Soldiers quietly coming out after Don’t Ask, Don’t Tell repeal

Soldiers quietly coming out after Don’t Ask, Don’t Tell repeal

Chief Warrant Officer Charlie Morgan kept it simple and sweet. She was eight months into a nine-month assignment in Kuwait, and Defense Secretary Leon Panetta had just informed Congress that the U.S. armed forces were ready to integrate openly gay troops.

Morgan decided the time was right to come out to her commander. The photograph of her wife and 4-year-old daughter she kept hidden on her desk helped her do it.

“I said, `Sir, I would like to introduce you to someone. This is my family,”’ Morgan recalled of her July conversation with her boss, an Army colonel leading a 2,400-soldier brigade. “He said, `Charlie, you have a beautiful family. You know, “don’t ask, don’t tell” prevented me from getting to know you.”’

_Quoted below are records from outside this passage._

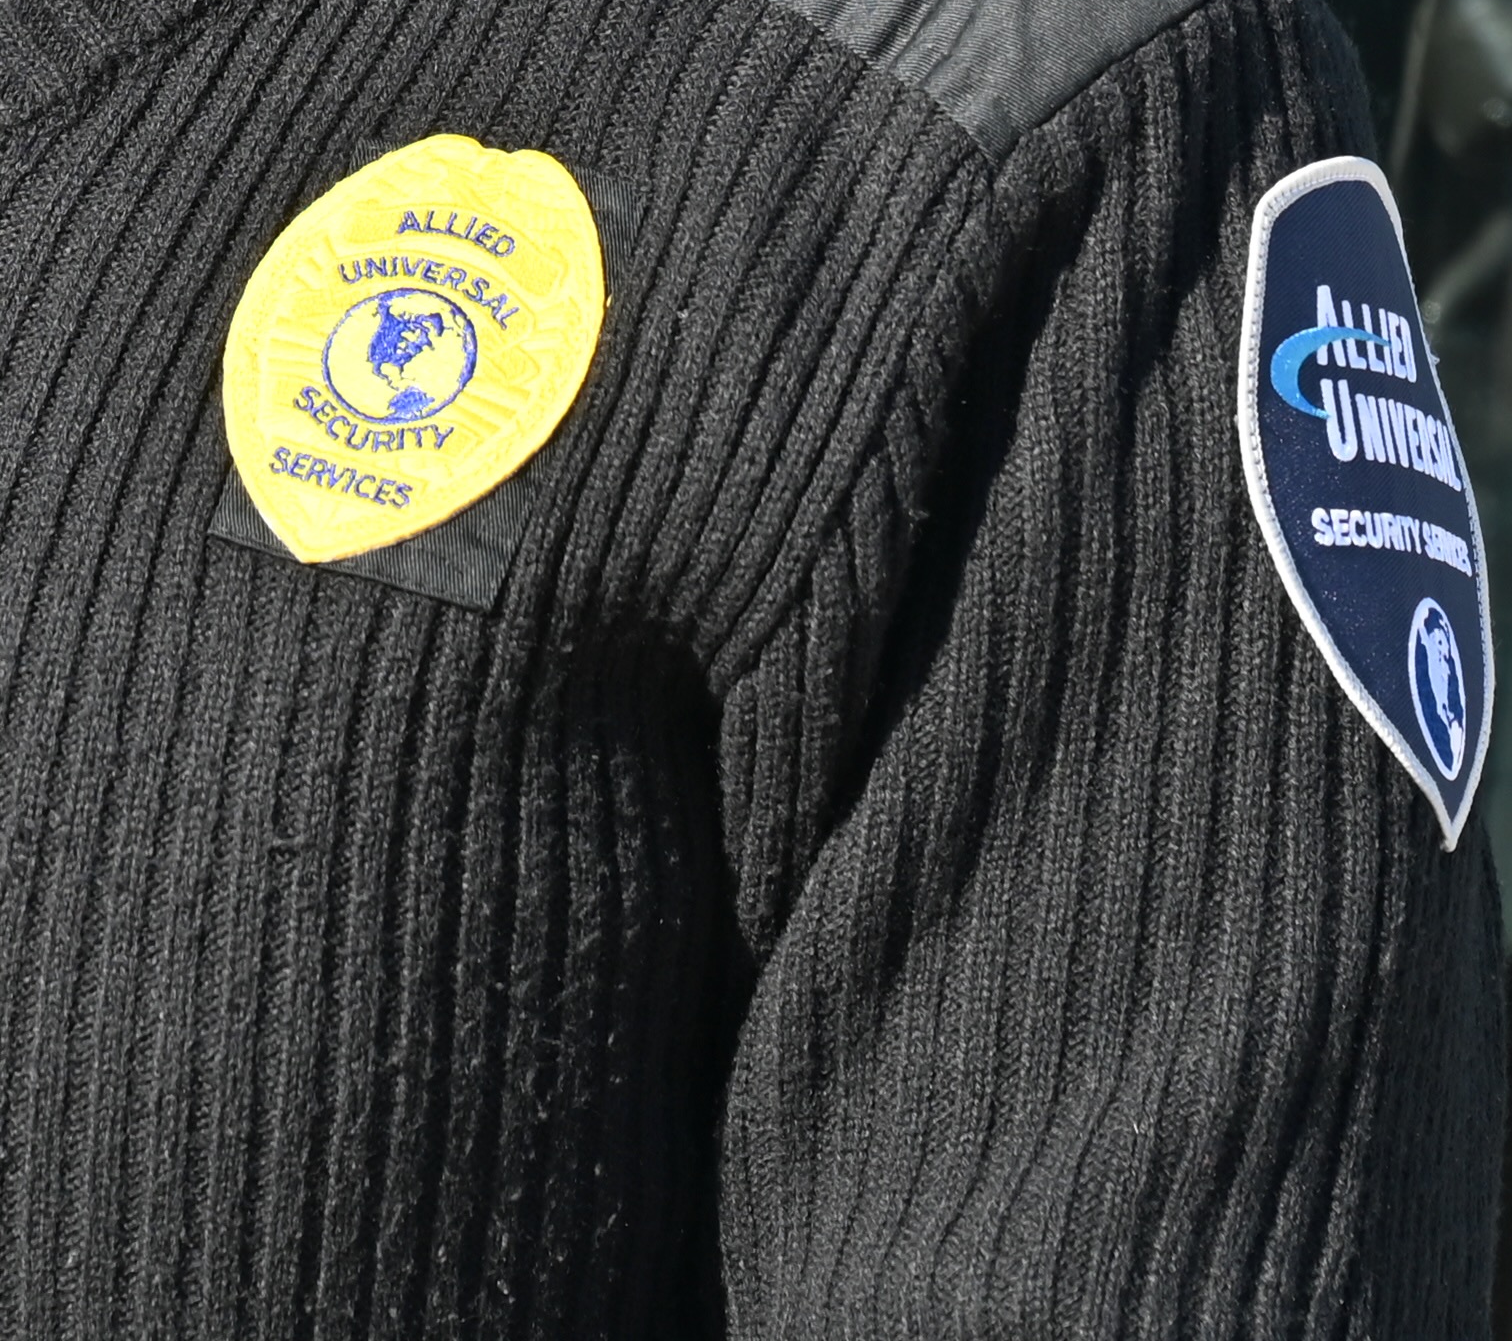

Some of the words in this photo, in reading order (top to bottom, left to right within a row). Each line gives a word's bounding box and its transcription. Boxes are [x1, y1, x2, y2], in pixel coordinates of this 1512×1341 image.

[397, 210, 516, 259] ALLIED
[339, 255, 523, 331] UNIVERSAL
[1317, 284, 1417, 383] ALLIED
[293, 384, 454, 452] SECURITY
[1320, 378, 1462, 492] UNIVERSAL
[269, 446, 413, 509] SERVICES
[1311, 507, 1422, 554] SECURITY
[1422, 521, 1473, 578] SERVICES
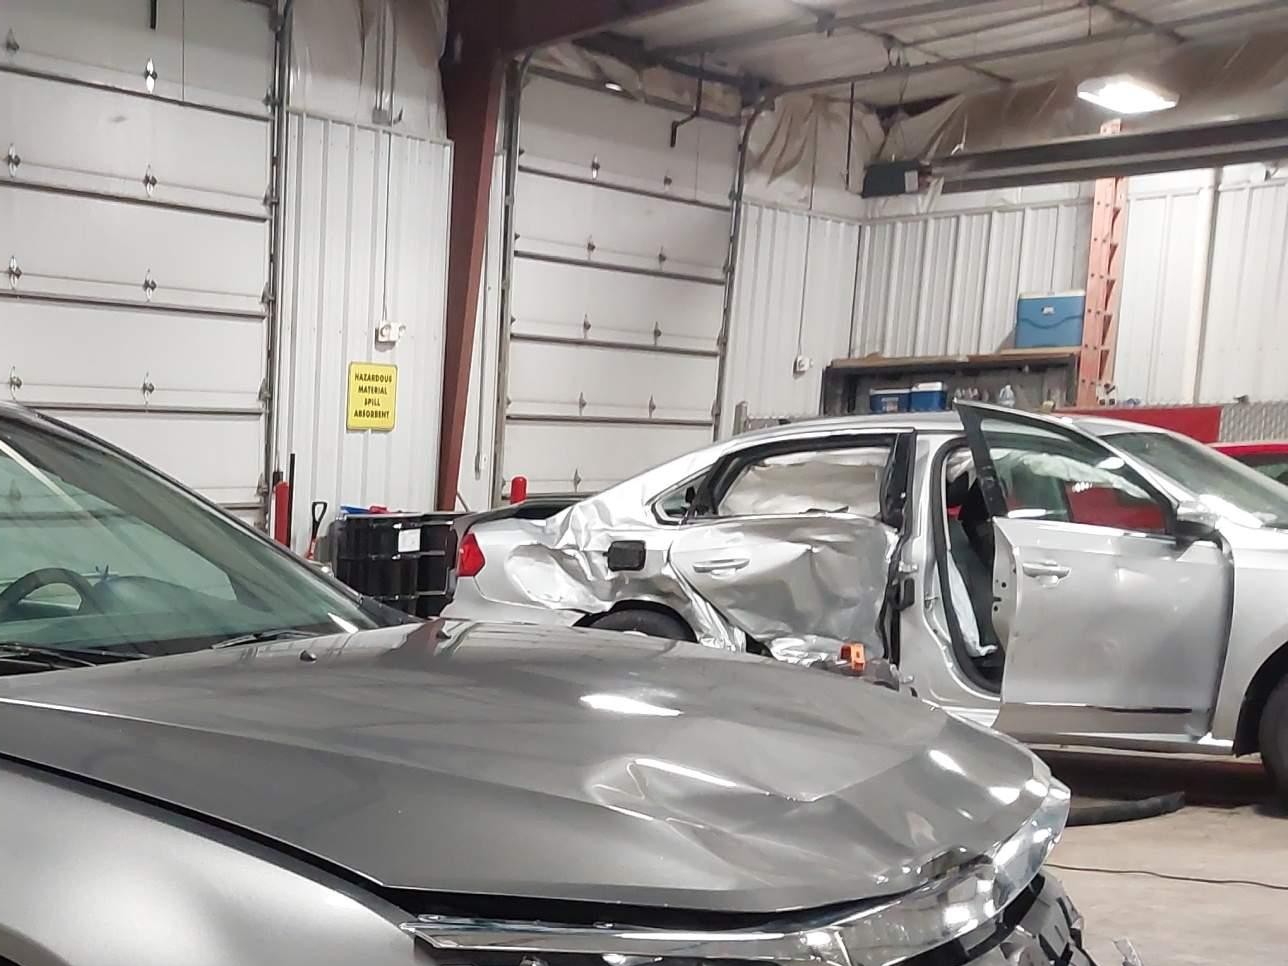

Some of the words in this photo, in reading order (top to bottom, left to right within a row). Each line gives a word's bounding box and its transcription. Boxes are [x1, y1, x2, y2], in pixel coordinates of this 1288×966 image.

[355, 373, 392, 383] HAZARDOUS
[358, 385, 387, 395] MATERIAL
[364, 398, 380, 406] SPILL
[354, 410, 389, 419] ABSORBENT

Nearly four weeks after the U.S. lifted its “don’t ask, don’t tell” banning open service by gay men, lesbians and bisexuals, similar stories of secret-shedding, relief and acceptance were swapped Saturday at the first-ever national convention of gay military personnel on active duty.

Each of the 200 or so sailors, soldiers, Marines and airmen attending the conference put on by the formerly clandestine group known as OutServe had, to varying degrees, only recently revealed their sexual orientations at work. None had gotten a reaction worse than a shrug.

“Out of the 4,500 members we have, we haven’t had any person come to us about one single problem, which is huge, because right before repeal of `don’t ask, don’t tell,’ we had tons of problems,” like investigations and other issues relayed to the Pentagon, said Air Force 1st Lt. Josh Seefried, the group’s co-founder. “But right now, after Sept. 20, there is nothing to relay because everything has been 100 percent positive.”

Senior Airman Kody Parsons, a substance abuse counselor at an Air Force base in Fairfield, California, came out to his superiors a week and a half ago because he thought they should know he was attending the OutServe conference.

They thanked him for speaking up, supported his trip to Las Vegas and asked him to let him know if they could help in any way. Parsons called it “a nonevent.”

“I think it’s very important to ensure nothing changes for fear of reinforcing the stigma that, `Well now that the gays are here, look out,”’ he said. “My sexual orientation doesn’t have any effect on my ability to do my job, and they recognize that.”

Yet the self-selected attendees of the OutServe Leadership Summit know that they are on the front lines of the culture wars. Estimates of the number of gay troops range from 47,000 to 65,000, and with integration so young, there are likely tens of thousands of gay military personnel still serving in silence for fear of harassment or endangering their careers.

During a panel discussion called “Being Out While Being In,” Michelle Benecke, a former Army battery commander who left the military before “don’t ask, don’t tell” was enacted, called gay Americans serving their country with pride “the right wing’s biggest fear.” Senior officers, especially, should think long and hard about the positive example they would be setting for all their troops if they demonstrated their first priority was doing their jobs well.

“Because of what you do, you destroy the stereotype about gay people every day, that we are selfish and we are only out for our own gratification. No one can look at you and say that’s true,” Benecke said.

At the same time, she said she would never presume to tell anyone when and how to make such a personal decision. Revealing one’s sexual orientation is an important step, but one that can also produce problems such as tokenism, she said.

“I want to acknowledge up front everybody is kind of in a different place. There are people coming out and have come out right now, and those folks are self-assessing: `Can I trust this friend? Am I in the kind of command where I can come out?”’ said Benecke, who co-founded Servicemembers Legal Defense Network, a legal aid group for gay troops.

“There are other folks that have to go through their own process and have to come to their own conclusions for their own safety and their own circumstance,” she said.

Despite the warm reception she has received from superiors and colleagues, Morgan learned last week that because the military still does not recognize same-sex spouses as dependents, her wife, Karen, will not be allowed to attend an upcoming welcome home ceremony at National Guard headquarters in New Hampshire for deployed troops and their families.

Morgan, 47, who spent a dozen years in the Army on active duty and has been in the National Guard for another seven, also is battling breast cancer and is continuing to lobby to have military benefits extended to families like hers so they will be taken care of if she does not survive.

“She deserves the same benefits as any other spouse,” Morgan said. “She went through the same stress, fear and concern during my deployment as any other spouse.”